Turning to FIGS. 2A-2B, the well tool string 200 is shown in a run-in position. The well tool string 200 includes a mandrel 202 that extends from an uphole portion of the string 200 towards a downhole end of the string 200 and defines a bore 226 therethrough. An expandable member 204 rides on the mandrel 202 and is flanked on uphole and downhole sides by a back-up shoe 205 and a back-up shoe 206, respectively. An upper retainer 208 rides on the mandrel 202 uphole of the expandable member 204 and the back-up shoe 205 and provides a setting shoulder against which the expandable member 204 may be squeezed.

Riding on the mandrel 202 downhole of the back-up shoe 206 is a fold-back assembly 207 that includes a lower retainer 210 and a sleeve 212 that are carried on the mandrel 202 and fixed together in the run-in position by a shear member 214 (e.g., a pin, screw, ring, or otherwise). The lower retainer 210 is coupled to an adapter 224 that is fixed to a shear ring 220 with a shear member 222 (e.g., a pin, screw, ring, or otherwise). Riding on the mandrel 202 between the shear ring 220 and the sleeve 212 is a snap ring 218. As illustrated in FIG. 2A, for instance, the snap ring 218, in the run-in position, is positioned downhole from a groove 216 on the outer radial surface of the mandrel 202. The groove 216 is formed, in this example implementation, at a determined location from the expandable member 204 and with a determined width. In some implementations, as described below, the determined location and/or determined width of the groove 216 on the mandrel 202 based on one or more characteristics of the expandable member 204. For example, in some implementations, the groove 216 (as well as, in some cases, the snap ring 218) may be designed (e.g., width, location, size) based on a minimum expansion size of the expandable member 204, a maximum expansion size of the expandable member 204, or a combination thereof. The minimum and/or maximum expansion sizes of the expandable member 204 may be based, for instance, on a range of inner diameters of which the well bore 102 may have. Thus, the well tool string 200 may be implemented, without modification or without substantial modification, in a range of well bore sizes.
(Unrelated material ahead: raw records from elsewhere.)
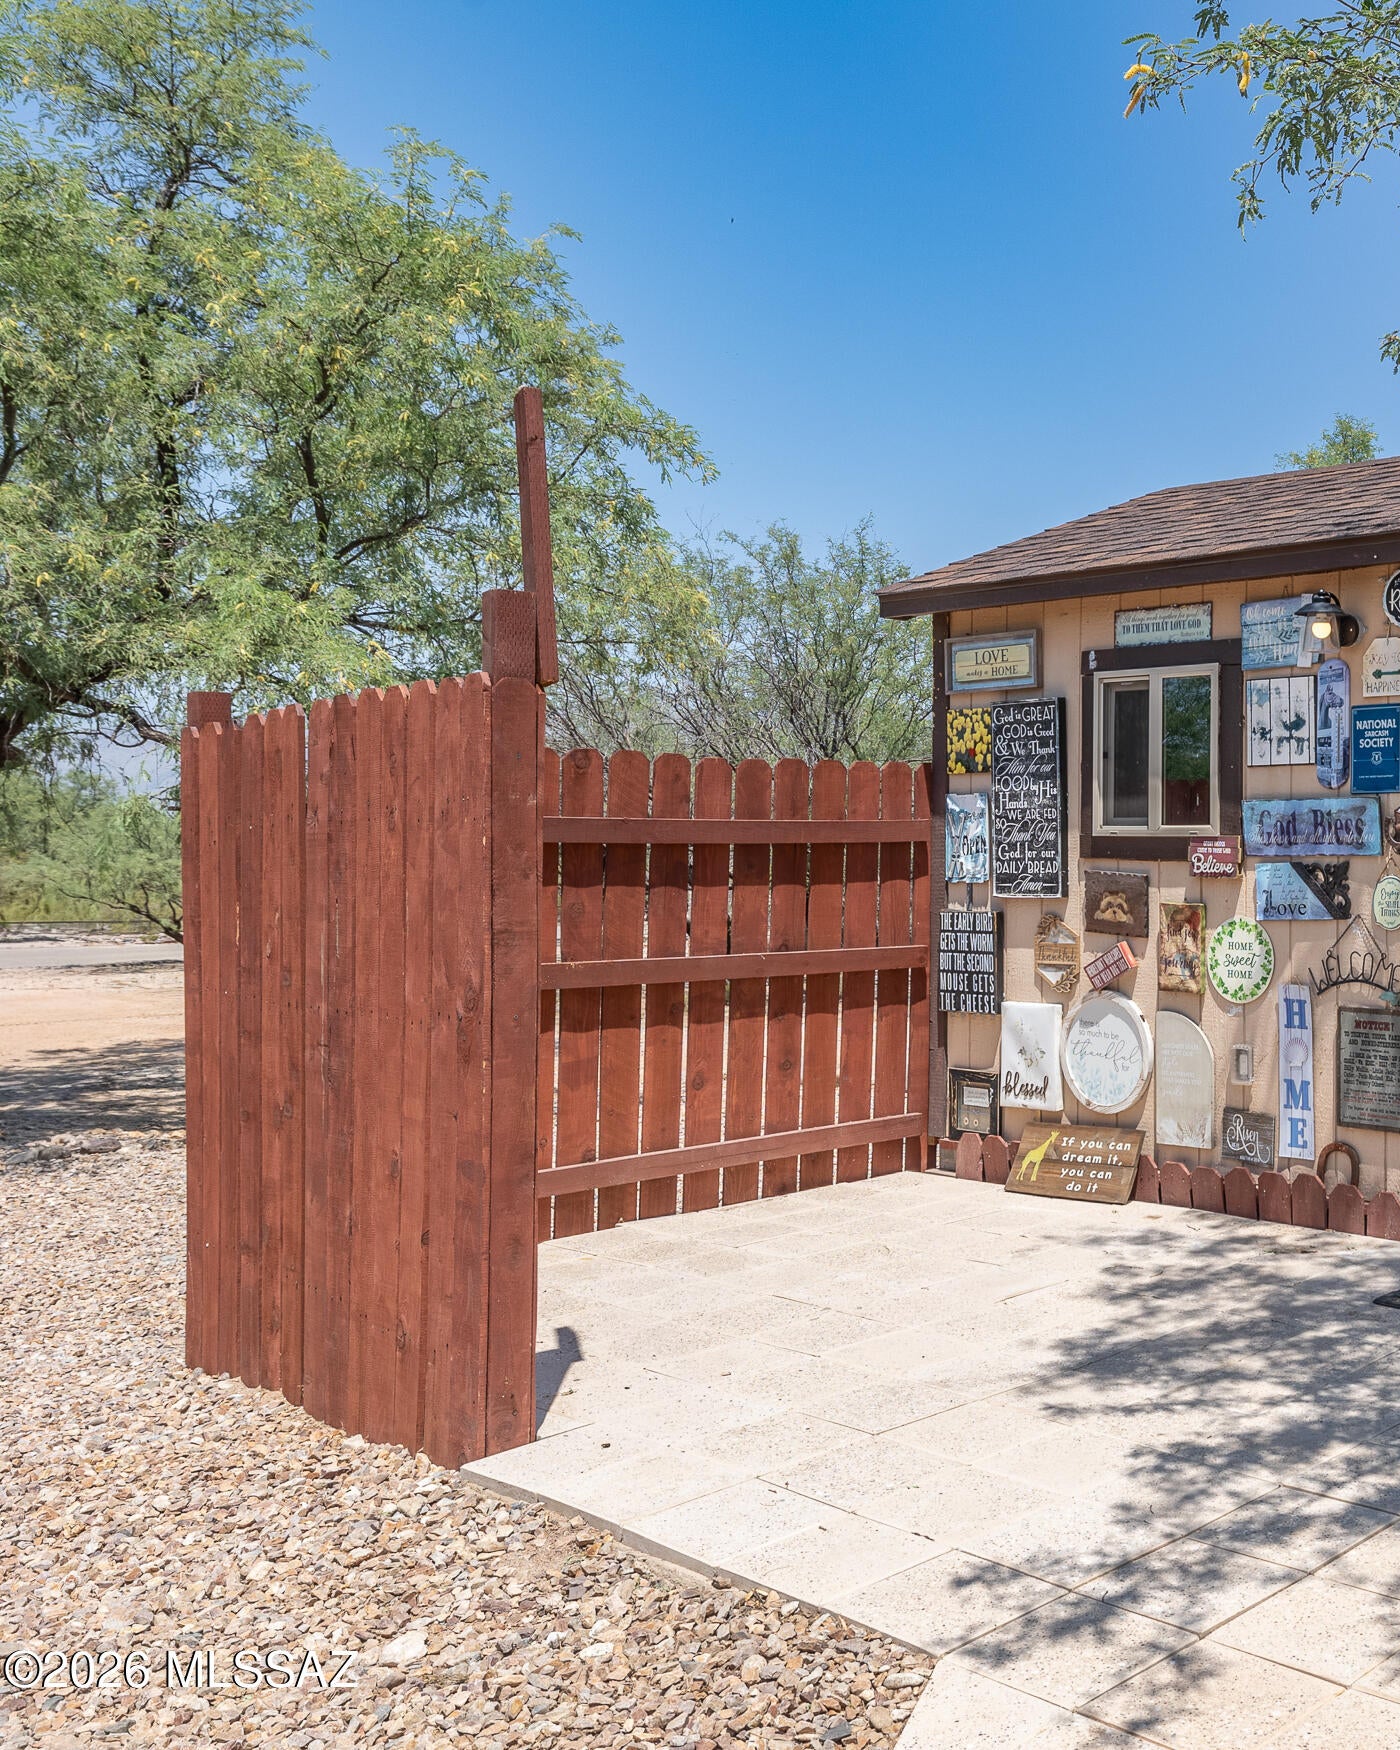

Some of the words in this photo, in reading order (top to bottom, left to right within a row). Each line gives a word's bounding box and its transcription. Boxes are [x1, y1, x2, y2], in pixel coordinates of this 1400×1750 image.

[1122, 624, 1131, 634] TO
[1132, 621, 1150, 634] THEM
[1152, 620, 1168, 632] THAT
[1170, 619, 1187, 631] LOVE
[1188, 618, 1202, 629] GOD
[975, 649, 1009, 665] LOVE
[991, 664, 1018, 677] HOME
[993, 707, 1014, 725] God
[1015, 710, 1021, 719] is
[1022, 705, 1055, 722] GREAT
[1003, 724, 1027, 738] GOD
[1027, 727, 1032, 736] is
[1034, 723, 1054, 737] Good
[1356, 718, 1397, 732] NATIONAL
[995, 735, 1010, 756] &
[1010, 742, 1025, 756] We
[1028, 740, 1056, 755] Thank
[1360, 738, 1395, 750] SOCIETY
[995, 776, 1029, 792] FOOD
[1030, 779, 1039, 793] by
[1035, 780, 1057, 804] His
[1007, 810, 1021, 820] WE
[1026, 809, 1040, 820] ARE
[1043, 808, 1057, 819] FED
[1260, 809, 1297, 847] God
[1311, 807, 1368, 847] Bless
[1025, 842, 1037, 863] for
[1041, 849, 1055, 858] our
[996, 860, 1026, 874] DAILY
[1028, 861, 1058, 874] BREAD
[1192, 853, 1234, 873] Believe
[1262, 890, 1307, 918] Love
[940, 913, 953, 931] THE
[954, 913, 974, 931] EARLY
[975, 912, 993, 932] BIRD
[940, 933, 956, 951] GETS
[957, 933, 969, 951] THE
[970, 934, 994, 952] WORM
[1228, 942, 1254, 951] HOME
[940, 952, 953, 970] BUT
[953, 953, 966, 971] THE
[966, 954, 994, 972] SECOND
[1223, 952, 1260, 968] Sweet
[940, 972, 968, 992] MOUSE
[973, 974, 995, 993] GETS
[1227, 970, 1253, 980] HOME
[940, 992, 956, 1011] THE
[960, 993, 996, 1014] CHEESE
[1354, 1020, 1395, 1032] NOTICE!
[1087, 1029, 1102, 1038] much
[1104, 1030, 1110, 1038] to
[1111, 1031, 1120, 1040] be
[1070, 1039, 1141, 1072] thankful
[1002, 1071, 1049, 1101] blessed
[1061, 1137, 1076, 1147] If
[1080, 1140, 1103, 1150] you
[1109, 1142, 1131, 1151] can
[1062, 1152, 1102, 1164] dream
[1108, 1154, 1122, 1166] it,
[1060, 1168, 1084, 1178] you
[1090, 1170, 1113, 1180] can
[1066, 1181, 1081, 1192] do
[1086, 1183, 1098, 1192] it
Downhole from the fold-back assembly 207 is a set of lugs 228 and 230 that are carried on the mandrel 202. Formed in the illustrated mandrel 202 is a port 232 through which, for instance, a fluid may provide a hydraulic setting force or other pressurized force to activate one or more portions of the well tool string 200.

As illustrated in FIGS. 2A-2B, in the run in position, the expandable member 204 is in a unactuated, or deflated, state. The shear member 214 holds the lower retainer 210 with the sleeve 212 while the shear member 222 holds the adapter 224 with the shear ring 220. The run-in position of the well tool string 200 may be utilized, for example, to move the well tool string 200 into the borehole 108 and to a particular depth in the well bore 102. Once at the particular depth, an anchor mechanism, such as the slips 122, may be actuated to hold the well tool string 200 at the particular depth so that the expandable member 204 may be actuated at a particular location in the well bore 102.

Turning to FIGS. 3A-3B, the well tool string 200 is illustrated in a first actuated position with the expandable member 204 activated (e.g., inflated, squeezed, or otherwise) to a first expanded position. In some implementations, the first expanded position may correlate to a particular inflation percentage of the expandable member 204 to contactingly engage the well bore 102 of a particular inner diameter (e.g., a minimum inner diameter of a range of inner diameters). In the first position, however, the well tool string 200 is fully operational in that no additional actuation may be necessary to begin operations (e.g., production operations) with the expandable member 204 engaged with the well bore 102.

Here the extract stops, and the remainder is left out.